WHAT TO DO = The records below must be transcribed exactly, with each picture left out.

◇ ◇ ◇ ◇ ◇

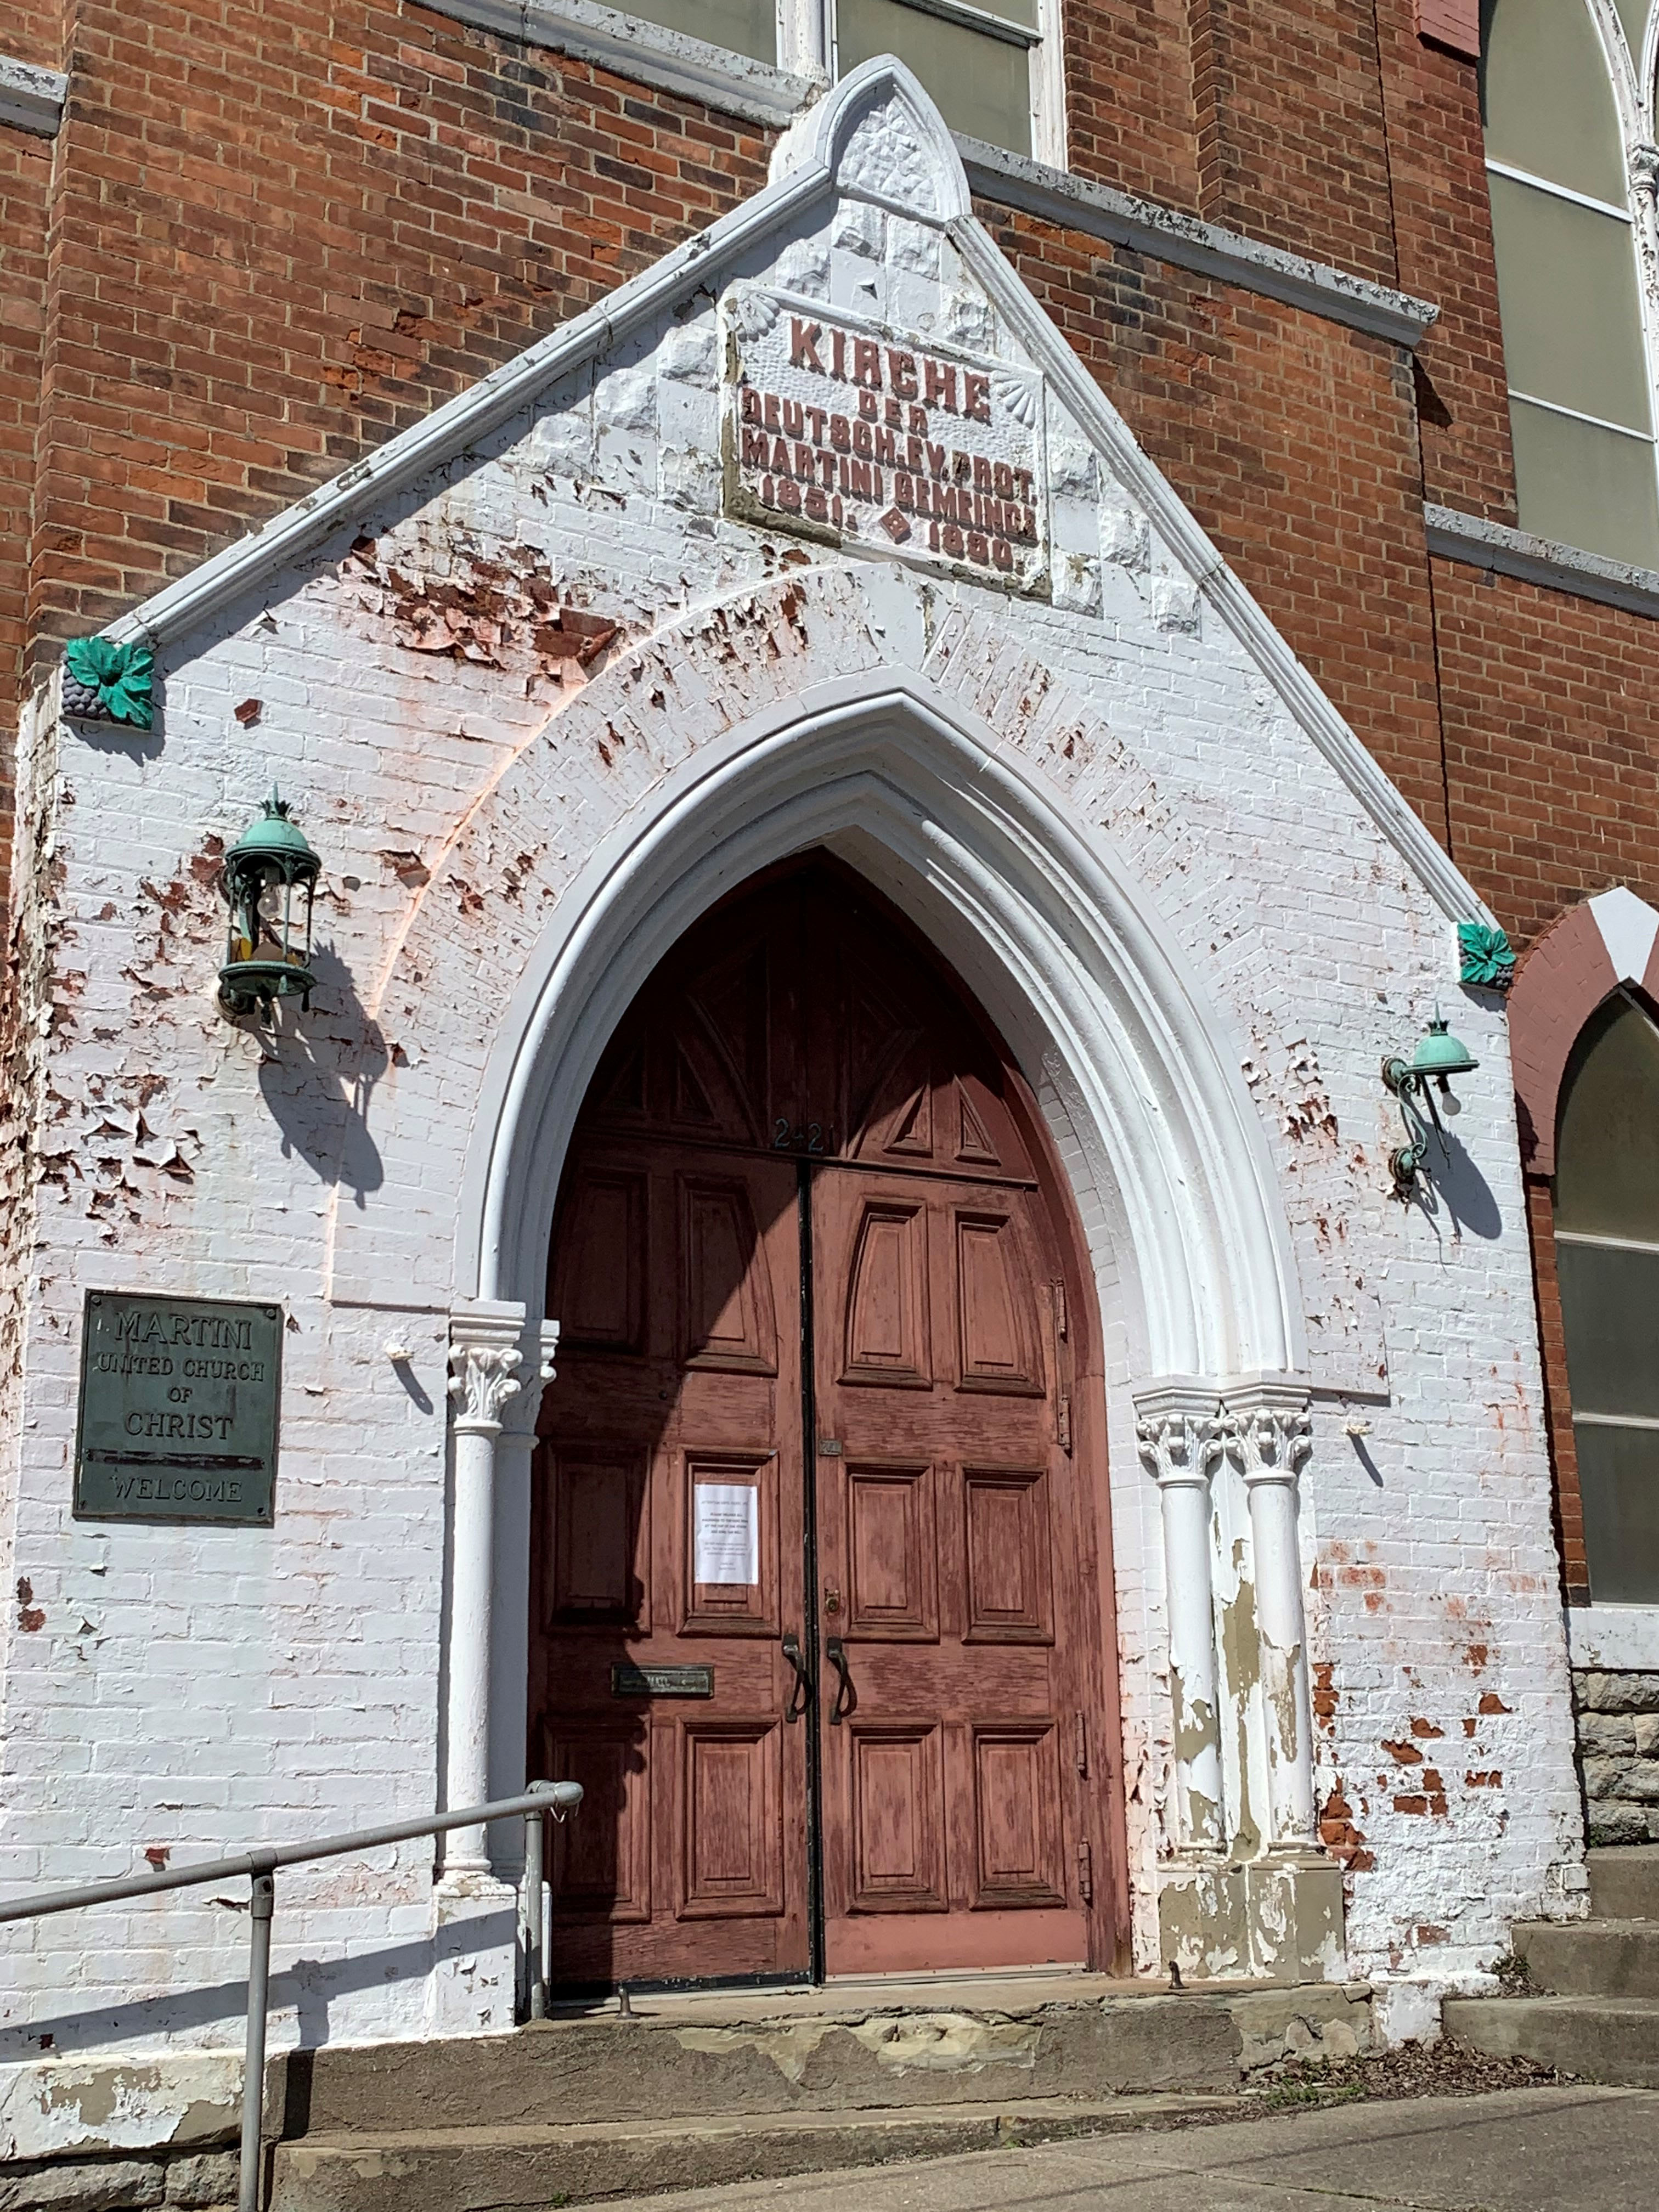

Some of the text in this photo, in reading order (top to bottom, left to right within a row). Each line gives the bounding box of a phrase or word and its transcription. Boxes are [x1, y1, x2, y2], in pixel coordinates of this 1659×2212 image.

[789, 316, 991, 426] KIRCHE
[859, 390, 928, 438] DER
[742, 427, 1037, 546] MARTINI GEMEINDE
[115, 1312, 252, 1350] MARTINI
[97, 1352, 264, 1381] UNITED CHURCH
[167, 1386, 193, 1403] OF
[126, 1412, 233, 1440] CHRIST
[111, 1475, 242, 1502] WELCOME

◇ ◇ ◇ ◇ ◇

RESULT FOR THIS EXERCISE =
Some of the text in this photo, in reading order (top to bottom, left to right within a row). Each line gives the bounding box of a phrase or word and its transcription. Boxes are [x1, y1, x2, y2], in pixel coordinates of this 1659×2212 image.

[789, 316, 991, 426] KIRCHE
[859, 390, 928, 438] DER
[742, 427, 1037, 546] MARTINI GEMEINDE
[115, 1312, 252, 1350] MARTINI
[97, 1352, 264, 1381] UNITED CHURCH
[167, 1386, 193, 1403] OF
[126, 1412, 233, 1440] CHRIST
[111, 1475, 242, 1502] WELCOME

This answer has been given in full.